Up-to-date information can be found elsewhere in Te Ara.



Artificial Fertiliser Cycle—Clover Plants and Nitrogen Supply

The chain of events started on a farm by the application of artificial fertilisers is quite a complex one. Usually the fertilisers chosen are those supplying such additional plant nutrients as may be required to fulfil the needs of the clovers. One way in which clovers differ from grasses is their ability to support certain bacteria which grow in nodular colonies on their roots and have the ability to fix atmospheric nitrogen. The host clover plants utilise this supply of nitrogen which is a nutrient essential for plant growth. With their nitrogen provided by the bacteria, and other nutrients by the fertilisers and the soil itself, the clovers are able to grow. Under grazing conditions the next stage occurs when the clover plants are eaten by stock. From their food, stock extract nitrogen and minerals useful for their needs and void the balance in their excrements. Usually the smaller portions are retained and the greater amounts voided and returned to the soil.

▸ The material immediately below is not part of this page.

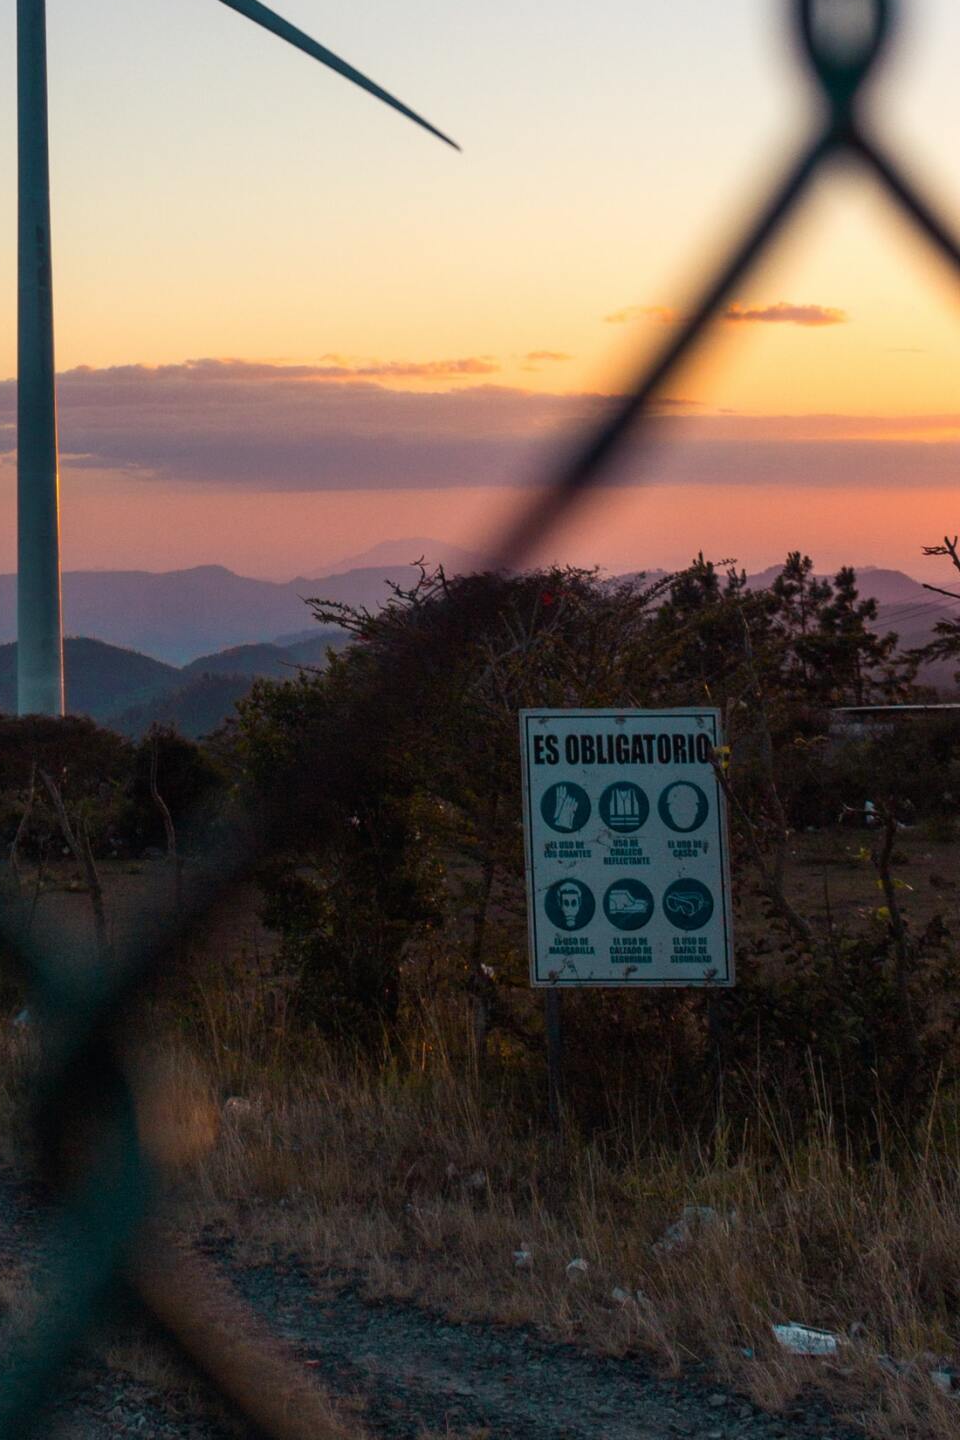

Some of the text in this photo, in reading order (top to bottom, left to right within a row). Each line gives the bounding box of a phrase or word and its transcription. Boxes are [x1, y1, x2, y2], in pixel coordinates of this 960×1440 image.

[533, 733, 711, 765] ES OBLIGATORIO
[609, 946, 641, 954] CALZADO
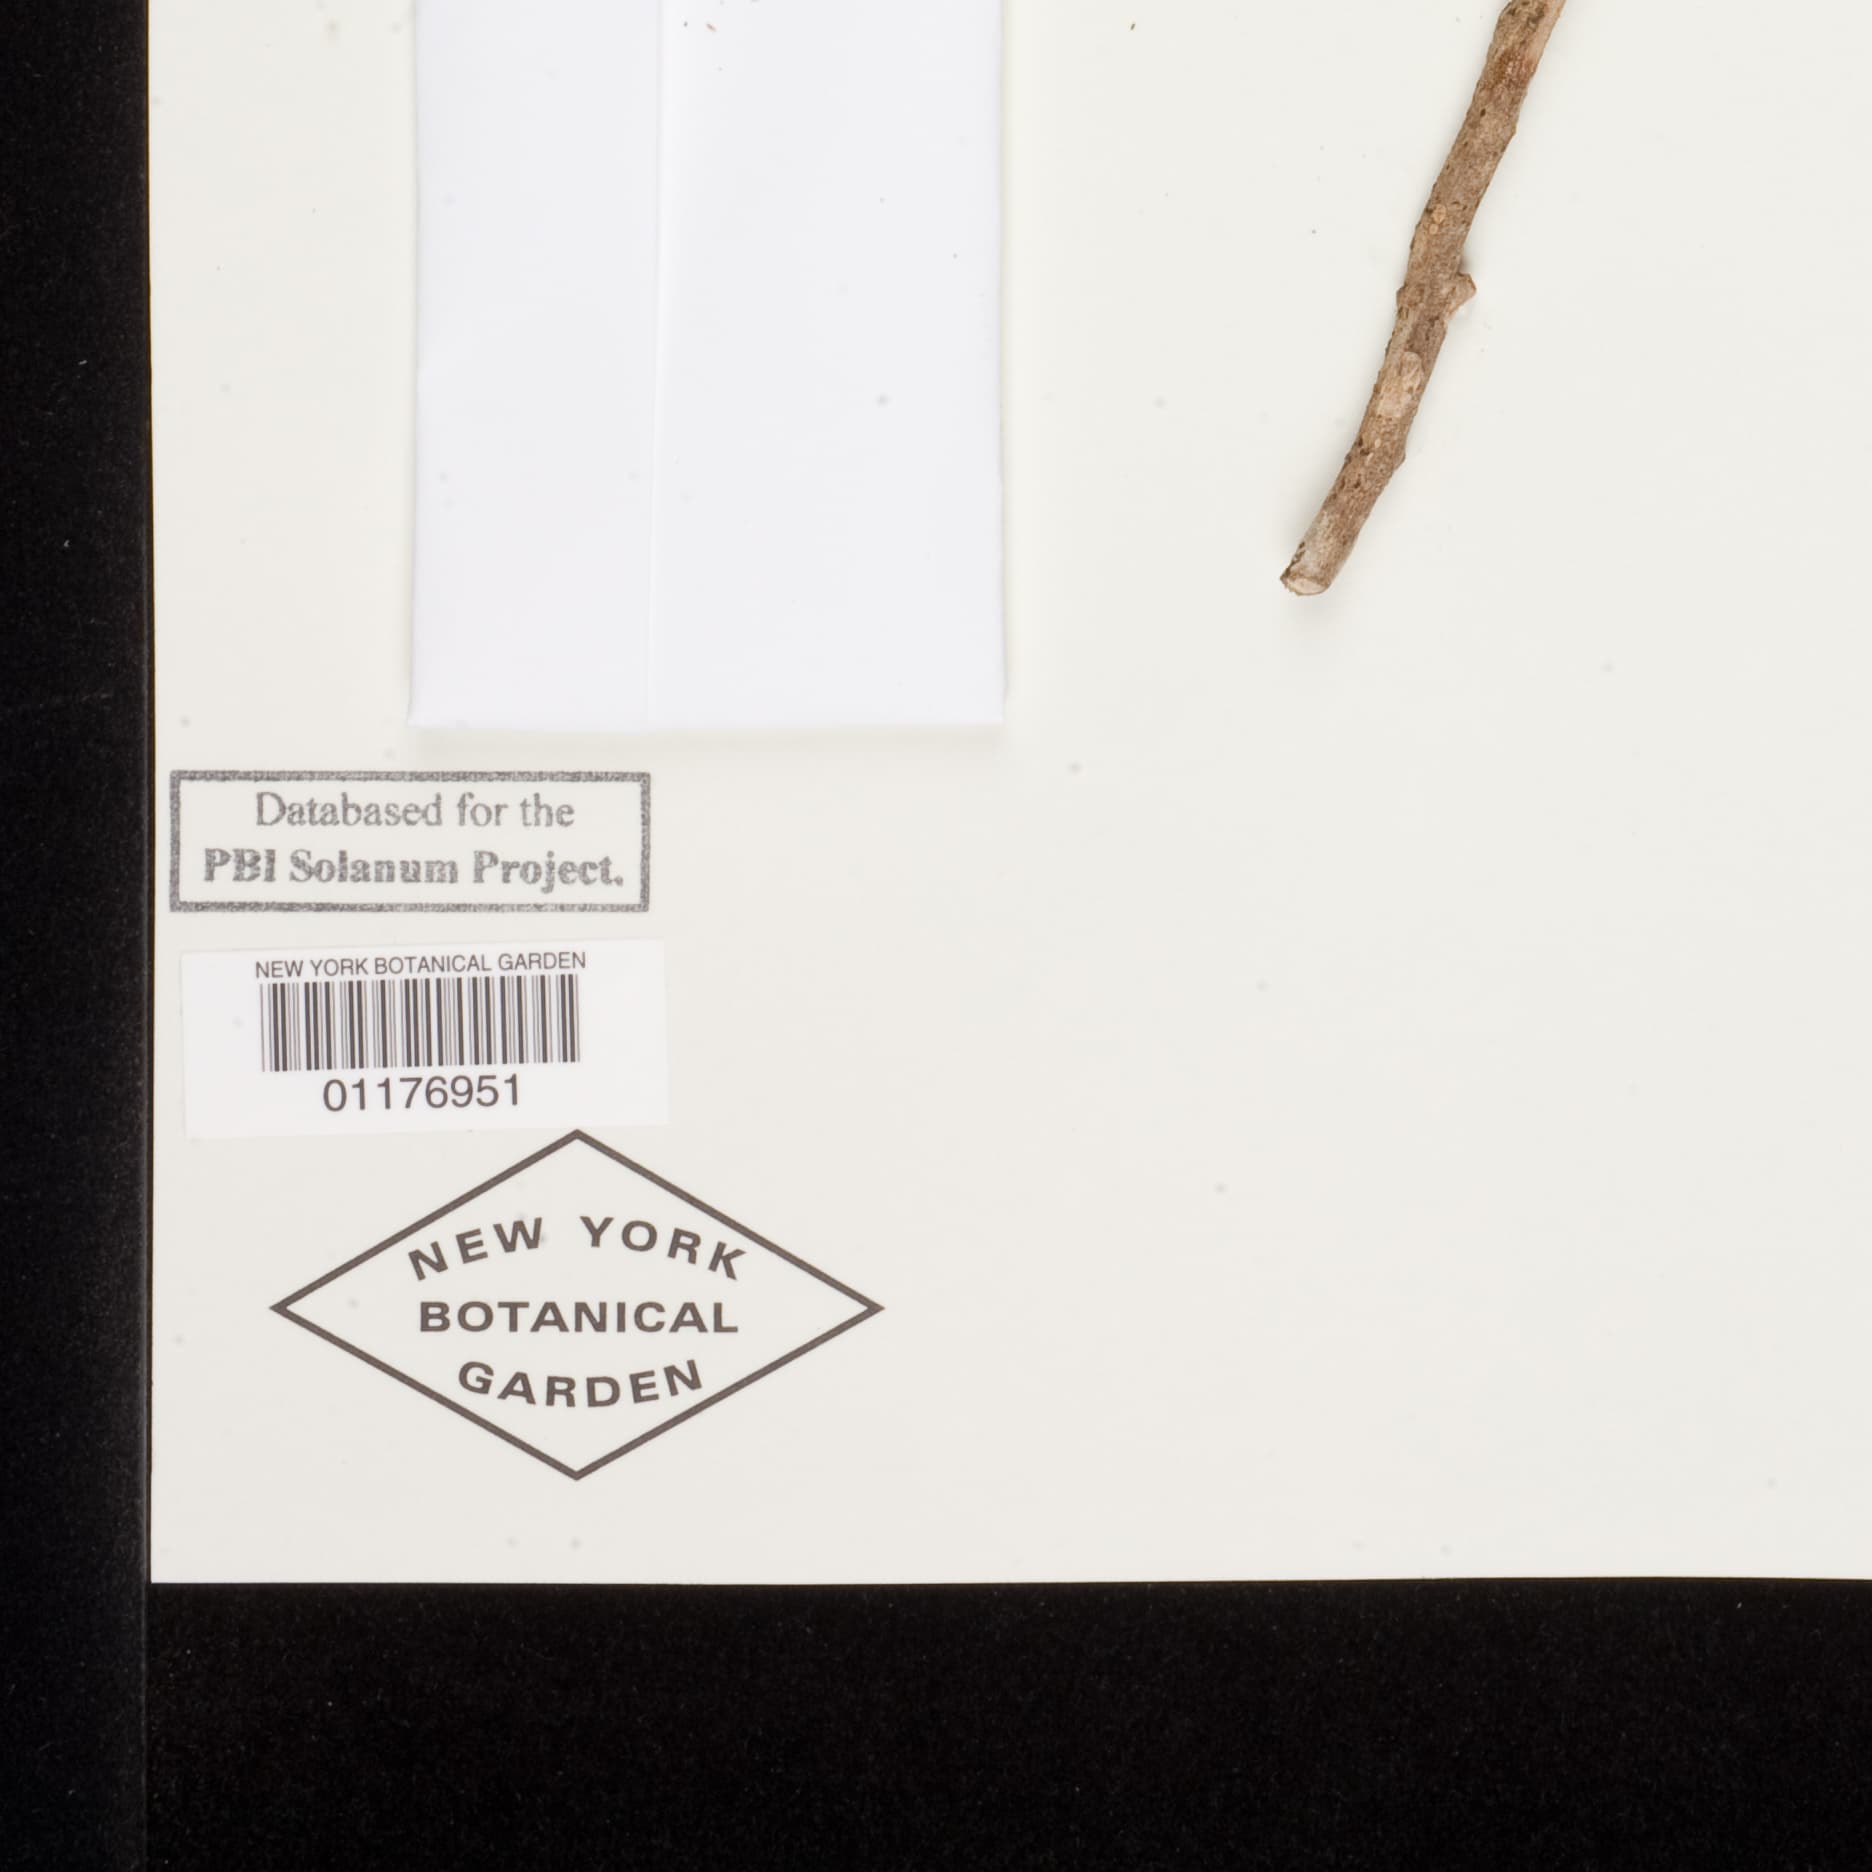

Again, when clovers are eaten by stock, some of their nitrogen is liberated in dung and urine, and grass plants, which have no nitrogen-fixing bacteria of their own, are now able to use this secondhand nitrogen and grow along with the clovers in the pasture. Grasses also have access to nitrogen when clover roots rot underground and liberate some of their supply. Continued applications of fertiliser accompanied by the sowing of clovers and the subsequent utilisation of growth by grazing stock, builds up the supply of plant nutrients in the soil. Organic matter also slowly increases and soil structure improves. Where such practices are incorporated into a system of agriculture, soil fertility is enhanced and profitable farming at high levels of production usually achieved. These fertility principles apply not only to dairying but also to other systems of grasslands farming. Among these, fat-lamb production is of great importance and is the greatest competitor of dairying for land. Whether sheep or dairy cows are run on an area depends partly on an assessment of which type of stock is likely to prove the more profitable. Climate influences production costs, and is therefore a factor determining profits.